Kaiser Daily HIV/AIDS Report Rounds Up Continuing Reaction to International AIDS Conference
Newspapers and media outlets around the world this week have continued to react to the XIV International AIDS Conference, which ended last Friday in Barcelona, Spain. Summaries of editorials and opinion pieces appear below in alphabetical order:
- Ft. Worth Star-Telegram: The United States "historically has lagged behind" many other Western nations in providing medicines to combat diseases in the developing world, but the Senate's passage of a bill authorizing nearly $5 billion in HIV/AIDS spending over two years is a "step" toward changing that, a Star-Telegram editorial states. The funding "should come as welcome news" to the protestors at the conference who interrupted a speech by HHS Secretary Tommy Thompson to protest the level of U.S. spending, the editorial says (Ft. Worth Star-Telegram, 7/17).
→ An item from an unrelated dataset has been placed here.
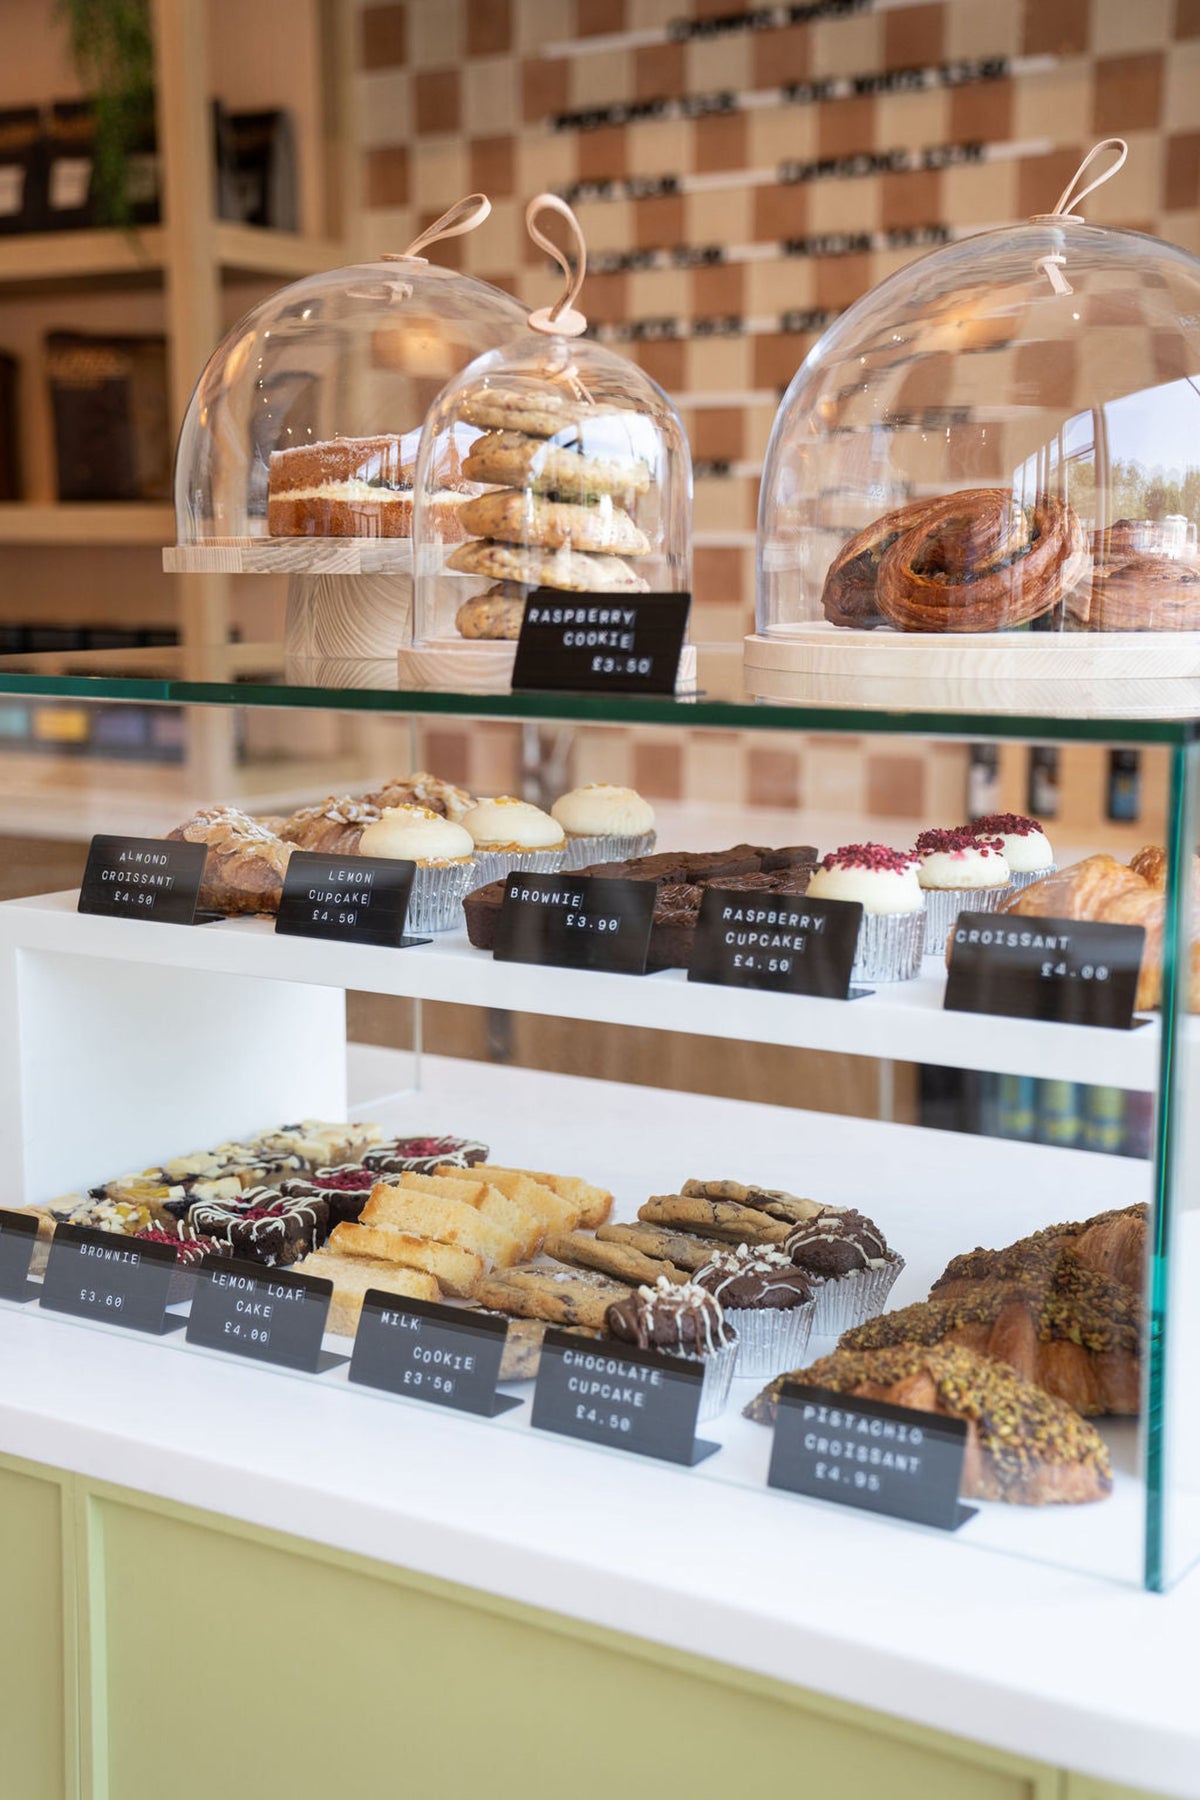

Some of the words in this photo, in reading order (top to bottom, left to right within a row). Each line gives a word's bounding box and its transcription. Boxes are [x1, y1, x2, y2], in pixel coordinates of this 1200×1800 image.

- Minneapolis Star Tribune: The news about the spread of HIV/AIDS is "more dismal than ever," a Star Tribune editorial states, noting that "efforts to combat the disease are being far outstripped by its rapid spread." The editorial says that "[i]f there is any hope of reversing the deadly trends, all nations must pour resources into education, awareness, prevention and treatment." The Star Tribune concludes, "No one on earth can afford to think of the HIV/AIDS threat as simply a distant problem. ... It is a security threat and should be funded accordingly. ... Either we put everything we've got into curbing the epidemic today, or face the international chaos, broken families and lost children that millions of deaths will cause tomorrow" (Minneapolis Star Tribune, 7/16).
- New York Times: "Bridging the gap between rich and poor AIDS sufferers is imperative," a Times editorial states, noting that 95% of people with HIV live in countries where antiretroviral treatment is not readily available. Research presented at the conference demonstrated that prevention and treatment "can work in practically any setting," the editorial states, concluding, "But to go from pilot projects to coverage for millions of people takes money, and rich countries have not yet grasped the urgency" (New York Times, 7/18).
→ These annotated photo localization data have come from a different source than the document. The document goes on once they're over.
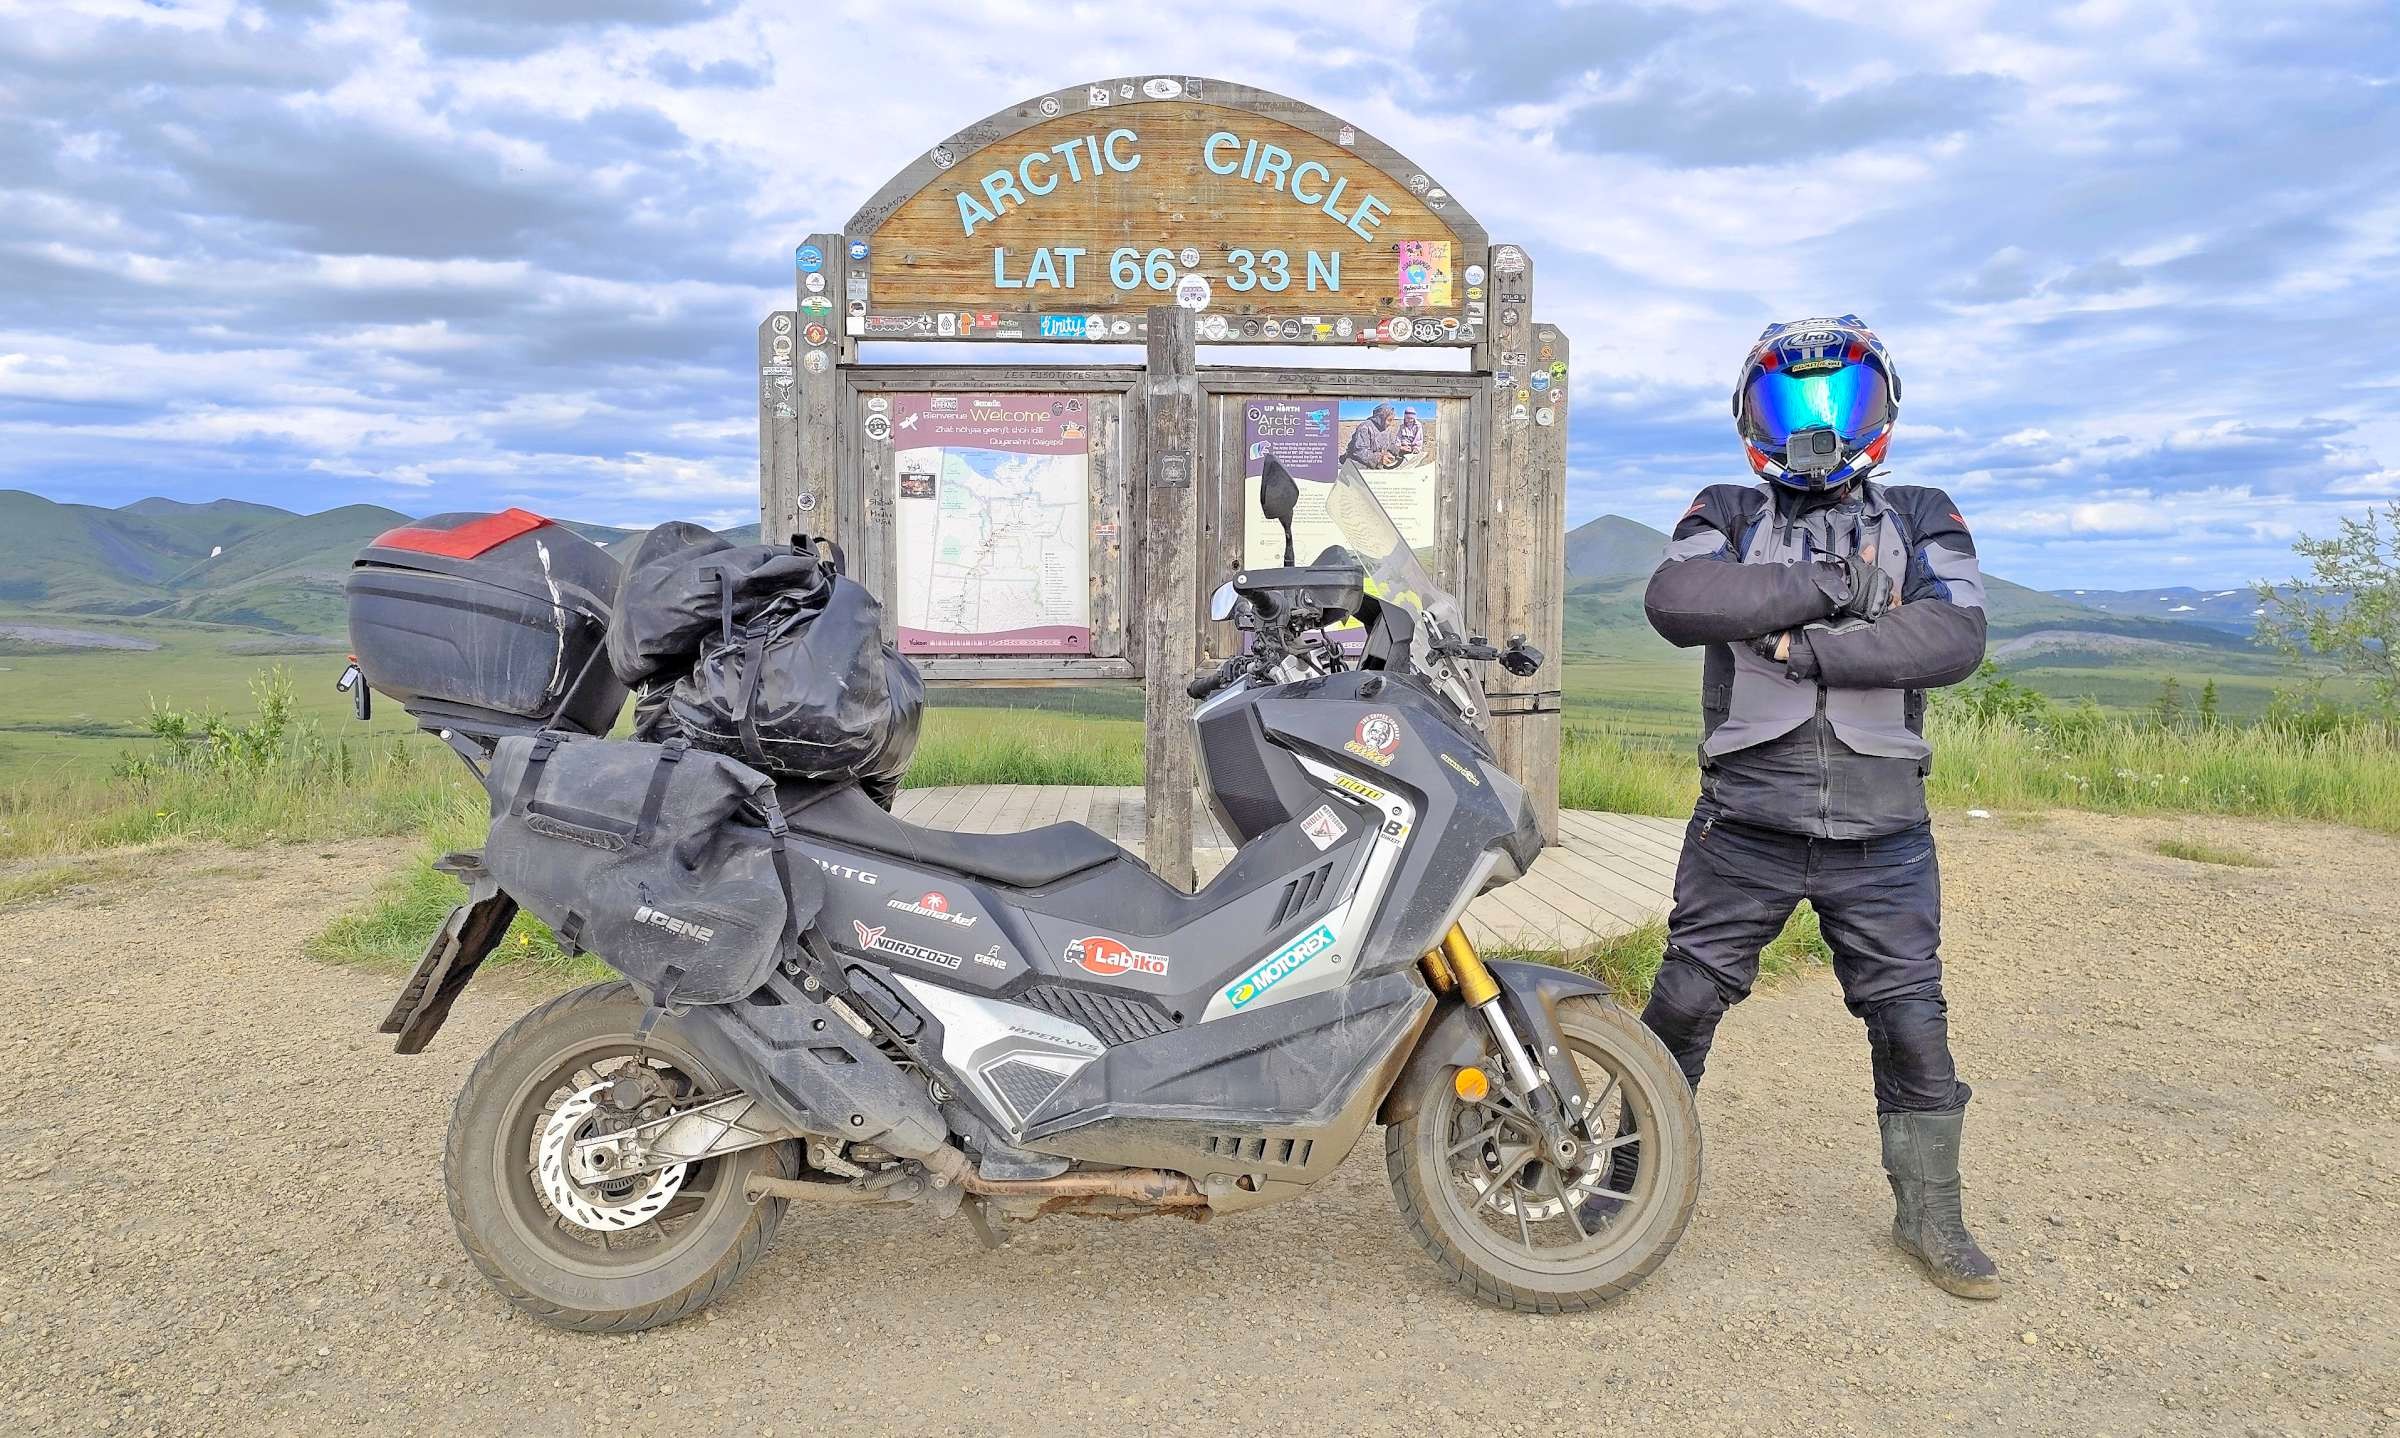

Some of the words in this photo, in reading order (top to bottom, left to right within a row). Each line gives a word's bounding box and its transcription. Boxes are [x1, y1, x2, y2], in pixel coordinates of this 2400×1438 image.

[955, 128, 1142, 238] ARCTIC
[1203, 131, 1392, 243] CIRCLE
[994, 246, 1086, 289] LAT
[1109, 247, 1177, 291] 66
[1226, 248, 1291, 292] 33
[1307, 250, 1341, 292] N
[1414, 323, 1443, 337] 805
[1798, 331, 1831, 342] Arai
[923, 411, 968, 421] Bienvenue
[969, 408, 1051, 423] Welcome
[1258, 414, 1302, 426] Arctic
[1276, 405, 1301, 413] NORTH
[1258, 425, 1295, 436] Circle
[886, 899, 978, 930] motomarket
[649, 910, 715, 943] GEN2
[873, 936, 961, 969] NORDCODE
[973, 953, 1007, 970] GEN2
[1095, 946, 1165, 973] Labiko
[1251, 927, 1332, 992] MOTOREX
- Pittsburgh Post-Gazette: "As one of the world's wealthiest nations, the United States has a moral responsibility to help attack the AIDS scourge -- and should do more," a Post-Gazette editorial states, noting that the United States has focused past efforts primarily on preventing vertical HIV transmission instead of on education and treatment. "[H]ealth officials can't afford to focus on just one type of aid; they need to employ a combination of these strategies," the editorial states. However, "emptying money into AIDS-afflicted African countries -- which are ground zero for the epidemic -- is not necessarily the answer, as many are riddled with corruption," the Post-Gazette says, adding, "Money can buy medicine but it can't buy good governance and enlightenment" (Pittsburgh Post-Gazette, 7/15).
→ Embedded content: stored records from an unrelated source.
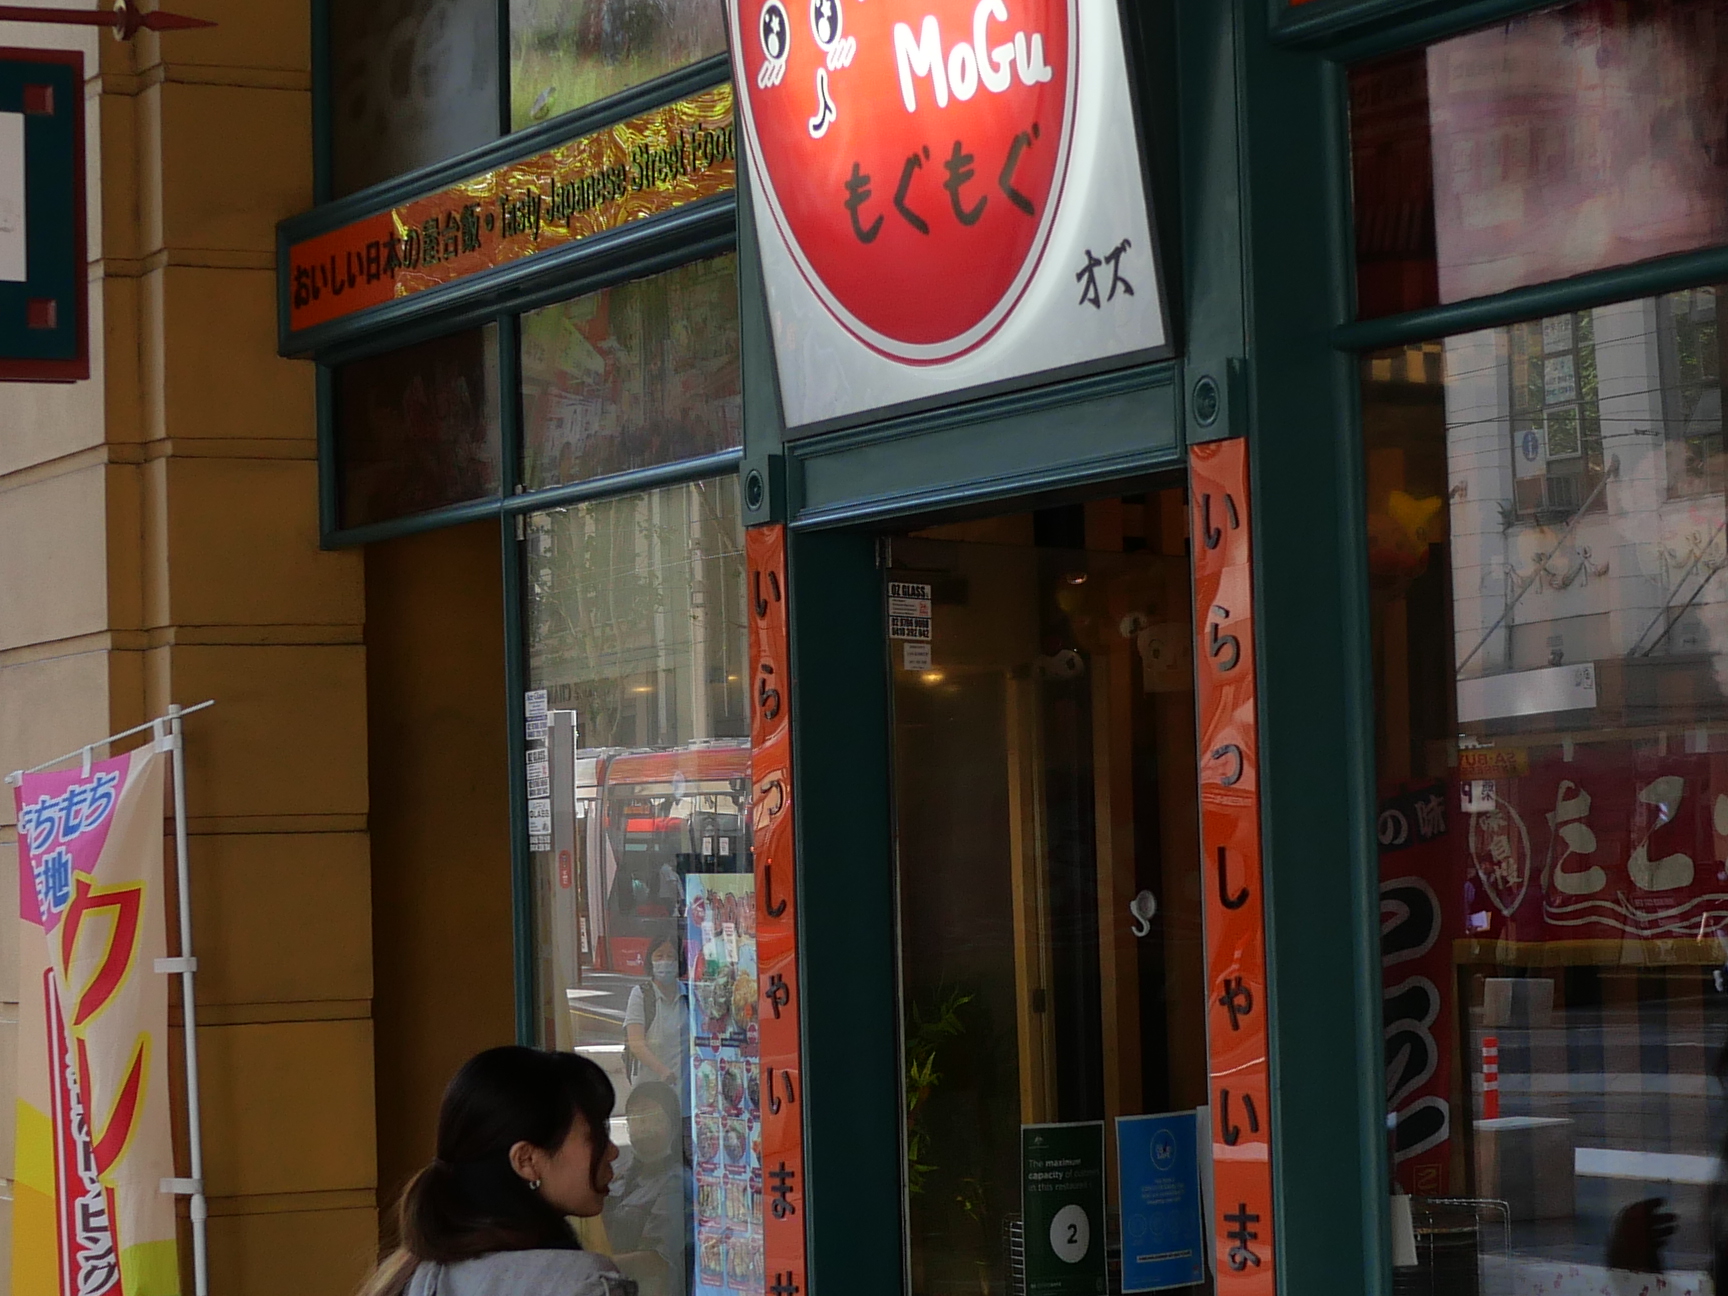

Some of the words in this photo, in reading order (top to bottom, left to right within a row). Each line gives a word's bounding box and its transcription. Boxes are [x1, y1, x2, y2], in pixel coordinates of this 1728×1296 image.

[500, 188, 541, 241] Tasty
[546, 163, 627, 228] Japanese
[631, 131, 687, 192] Street
[843, 124, 1041, 245] もぐもぐ
[902, 585, 926, 597] GLASS
[1028, 1159, 1044, 1169] The
[1028, 1170, 1064, 1181] capacity
[1067, 1223, 1078, 1244] 2
- Noeleen Heyzer, Christian Science Monitor: Women are "fundamentally more affected by the [HIV/AIDS] epidemic than men," Noeleen Heyzer, executive director of the United Nations Development Fund for Women, writes in an opinion piece in the Christian Science Monitor. According to UNAIDS statistics released last week to coincide with the conference, women now account for 49.8% of the 37 million adults with HIV. However, that figure does not take into account the fact that women are even more affected due to social and cultural traditions that place them in caregiver roles, Heyzer says. Many of these traditions, which deny women power in relationships, also place women at an increased risk for HIV because they have "little if any means to protect themselves against infection," she says. Heyzer concludes, "If we are to tame and reverse the AIDS epidemic, we need to protect women's human rights and put an end to laws that violate them" (Heyzer, Christian Science Monitor, 7/18).
- DeWayne Wickham, USA Today: "Current efforts to combat the spread of [HIV] fall way short of what is needed to avoid a human crisis of the magnitude that has not been seen since the days of the Black Death," USA Today columnist DeWayne Wickham states, adding that "[w]hat the worldwide fight against AIDS needs is some 'new think' -- an approach to combating this crisis that mirrors the Manhattan Project" undertaken in the 1940s to develop the atomic bomb. Such a project would pull resources and researchers from around the world to work on developing an effective AIDS vaccine, he says, noting that at the same time, antiretroviral medications should be made available to "every infected person regardless of his or her ability to pay." Wickham acknowledges such a plan would be costly, but says that the cost of "letting AIDS depopulate Africa and spread throughout Asia and Eastern Europe will be even higher" (Wickham, USA Today, 7/16).